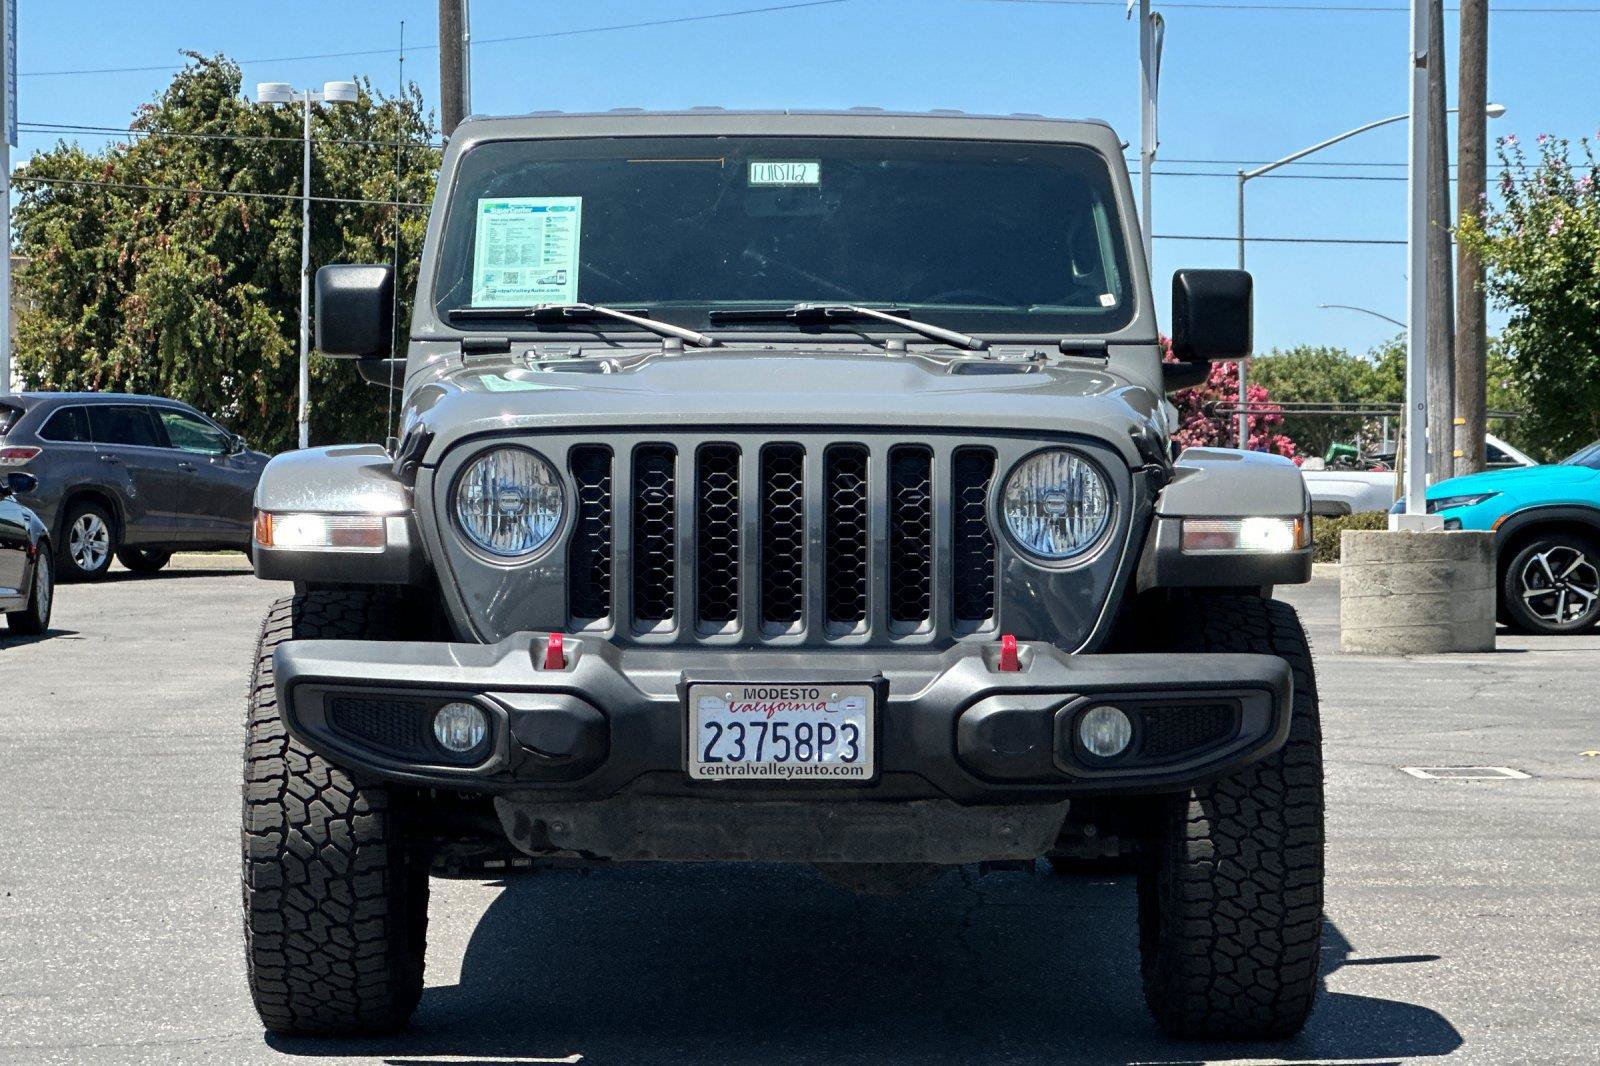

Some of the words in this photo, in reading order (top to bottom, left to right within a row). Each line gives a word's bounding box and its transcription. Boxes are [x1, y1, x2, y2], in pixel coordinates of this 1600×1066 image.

[744, 688, 820, 700] MODESTO
[729, 701, 839, 719] California
[703, 721, 859, 763] 23758P3
[699, 763, 864, 778] centralvalleyauto.com
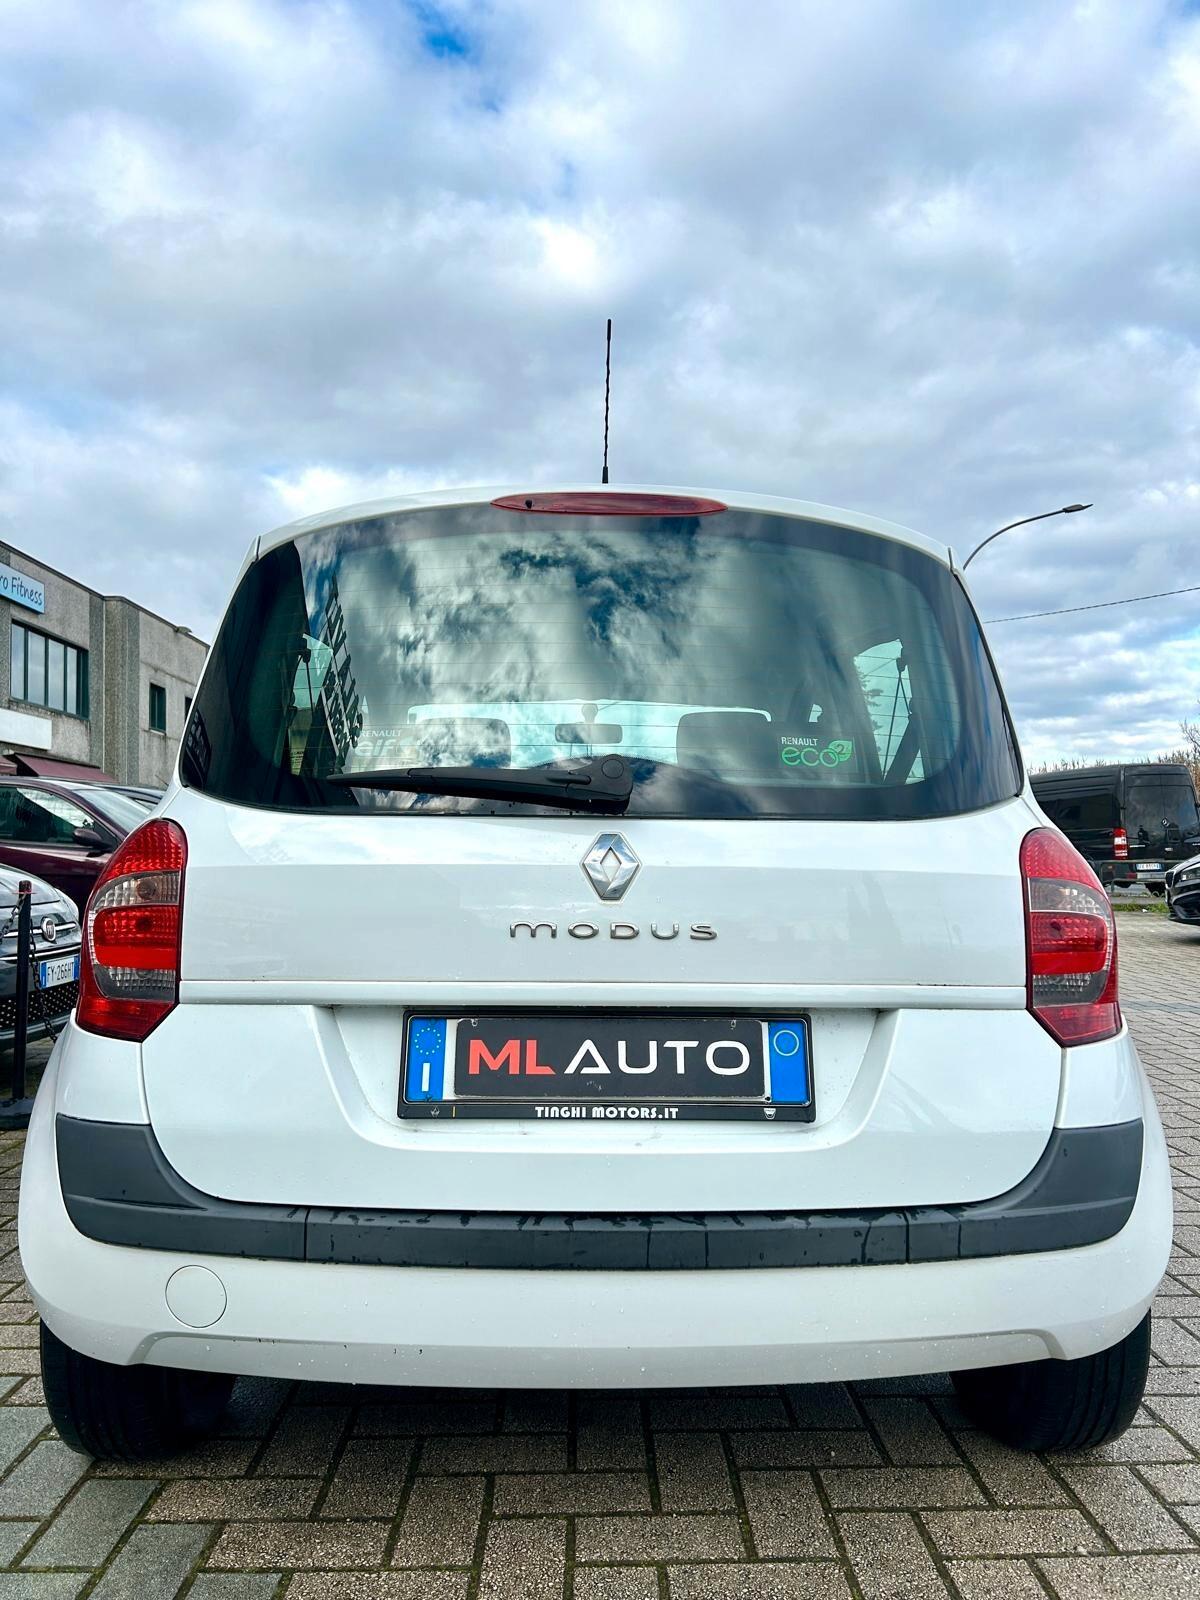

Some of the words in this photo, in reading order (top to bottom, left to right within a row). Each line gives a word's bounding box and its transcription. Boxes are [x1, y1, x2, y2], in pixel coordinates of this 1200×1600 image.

[11, 576, 43, 606] Fitness
[360, 729, 401, 738] RENAULT
[781, 736, 818, 746] RENAULT
[509, 921, 718, 940] MODUS
[534, 1106, 587, 1119] TINGHI
[591, 1106, 679, 1120] MOTORS.IT
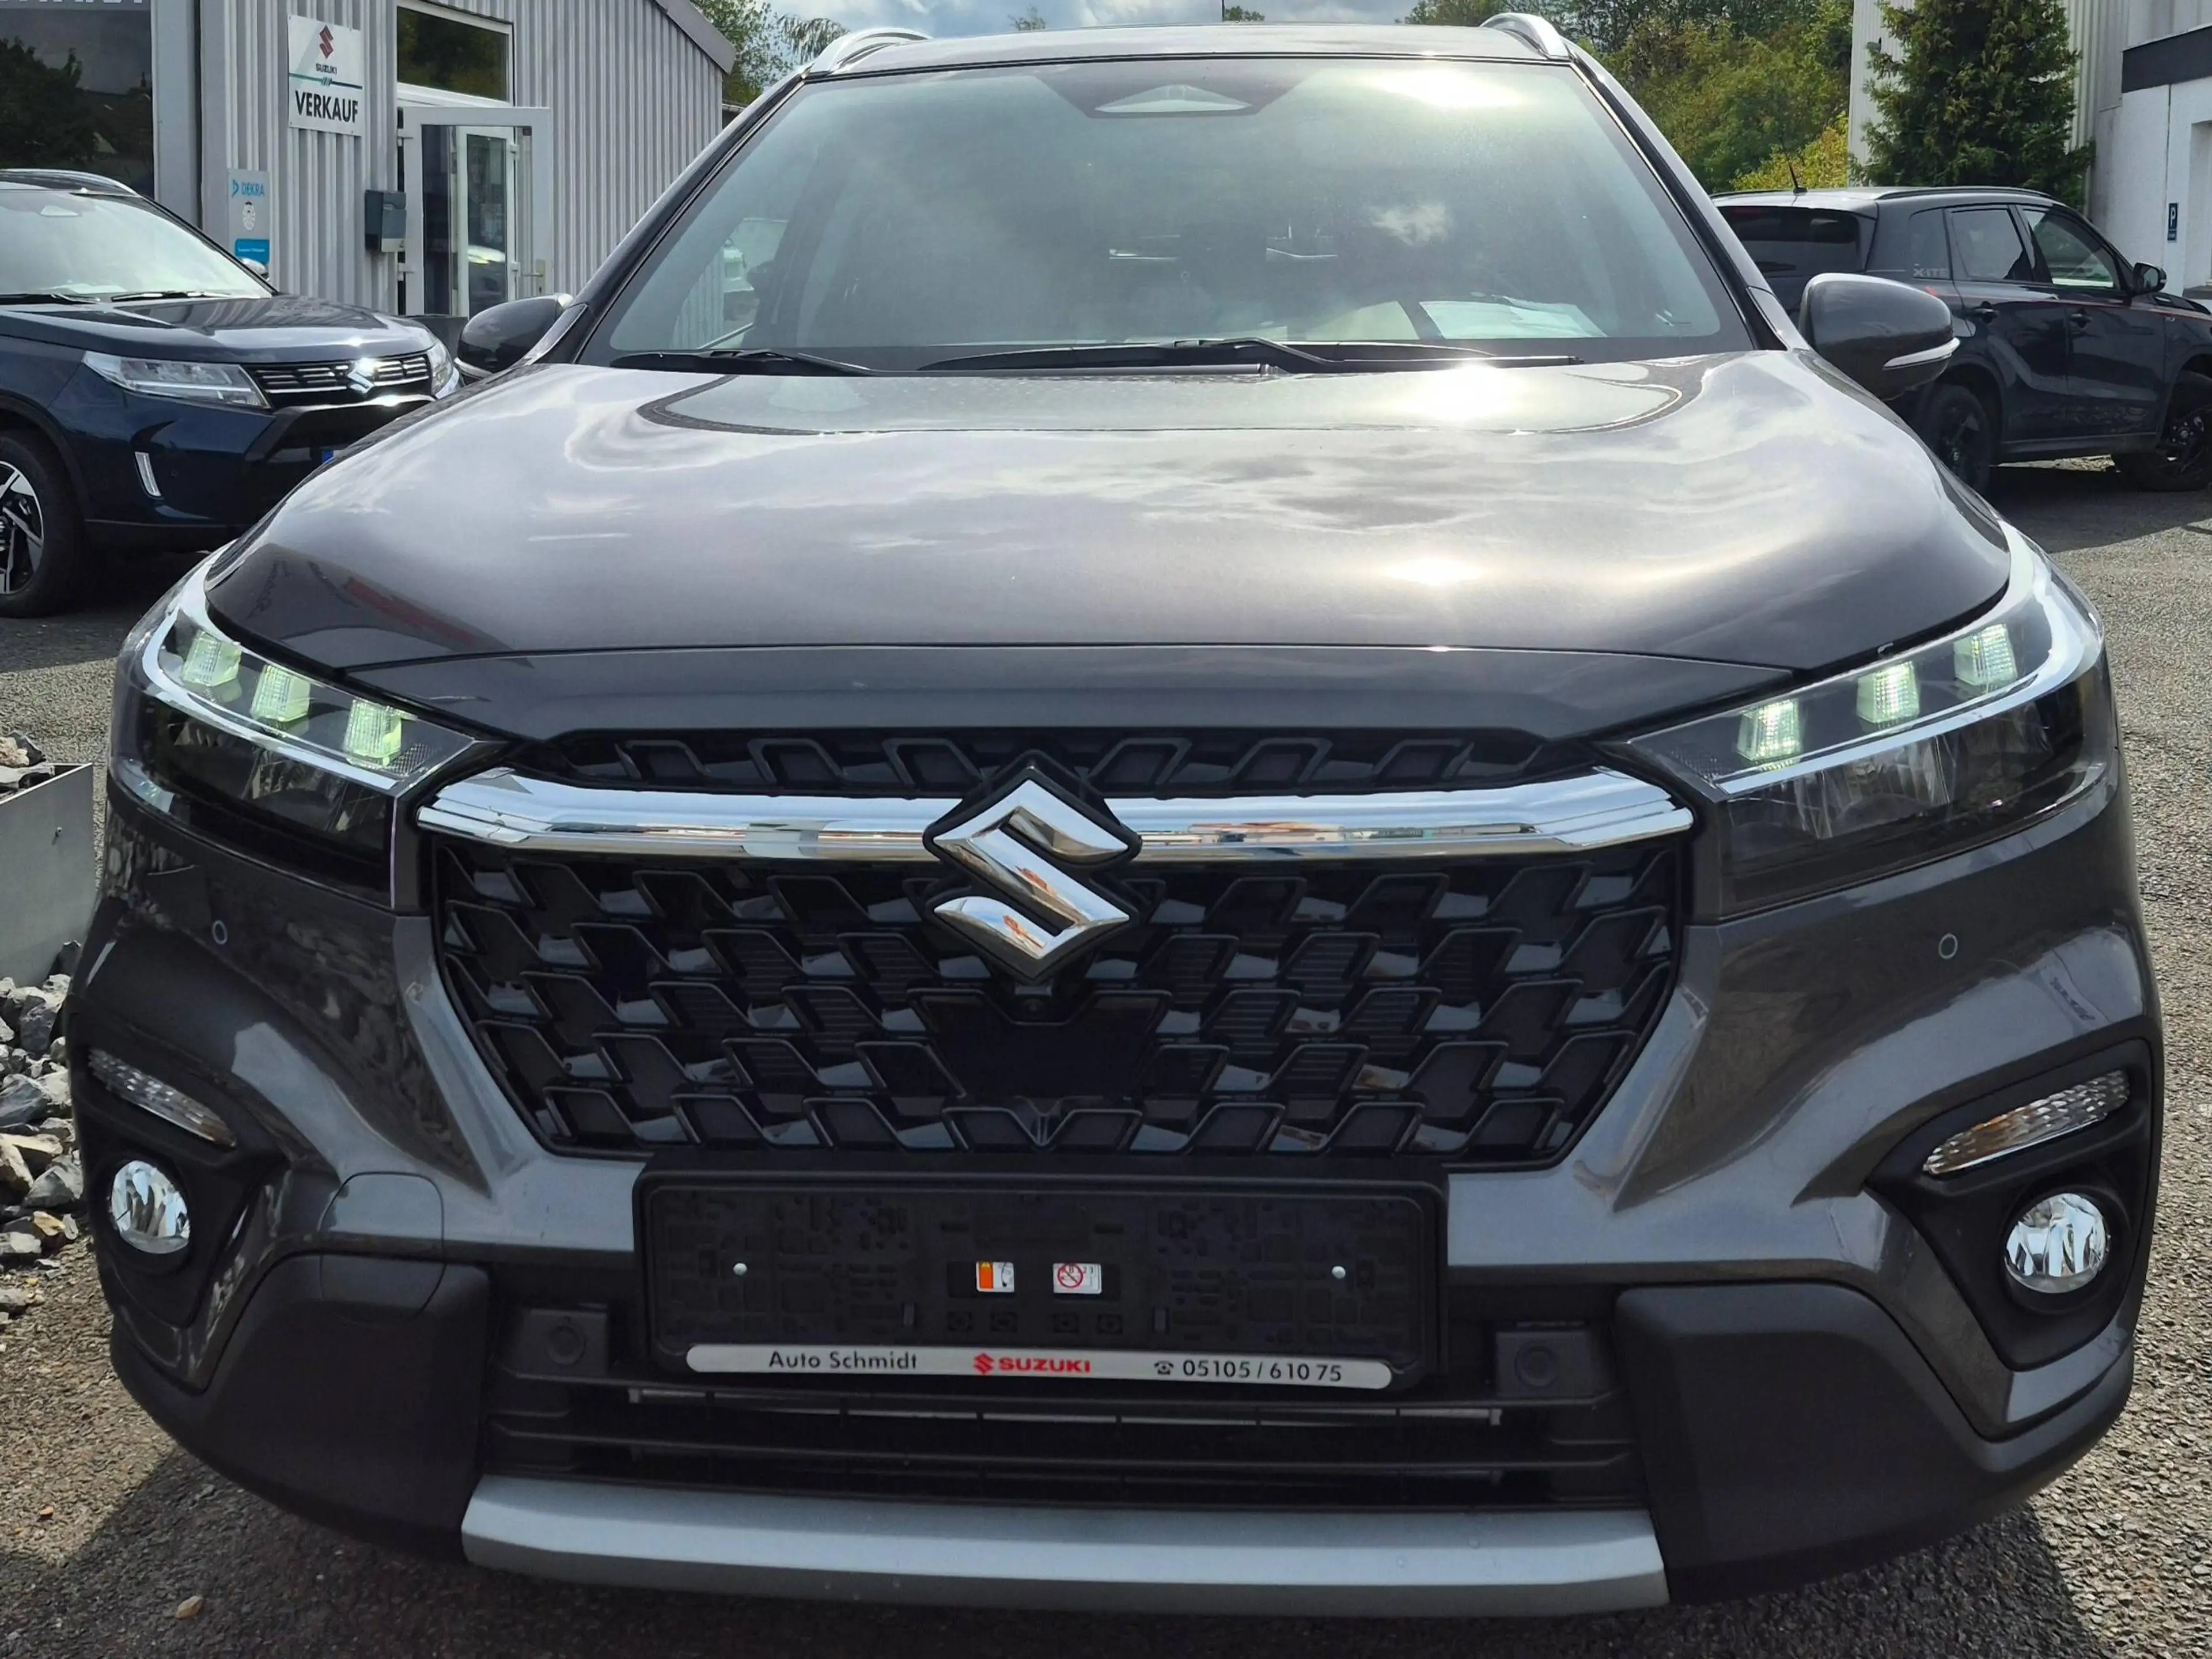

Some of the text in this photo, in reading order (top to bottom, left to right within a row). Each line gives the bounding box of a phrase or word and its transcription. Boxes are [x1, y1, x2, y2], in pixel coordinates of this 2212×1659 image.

[316, 63, 337, 74] SUZUKI
[295, 89, 358, 123] VERKAUF
[241, 181, 265, 197] DEKRA
[769, 1351, 821, 1368] Auto
[830, 1351, 917, 1369] Schmidt
[999, 1357, 1090, 1373] SUZUKI

**Assigned task:**
An exact copy of the lines from the one with "Some of the text" to the final line of the entries is all that the answer should hold.

**Answer to the exercise:**
Some of the text in this photo, in reading order (top to bottom, left to right within a row). Each line gives the bounding box of a phrase or word and its transcription. Boxes are [x1, y1, x2, y2], in pixel coordinates of this 2212×1659 image.

[316, 63, 337, 74] SUZUKI
[295, 89, 358, 123] VERKAUF
[241, 181, 265, 197] DEKRA
[769, 1351, 821, 1368] Auto
[830, 1351, 917, 1369] Schmidt
[999, 1357, 1090, 1373] SUZUKI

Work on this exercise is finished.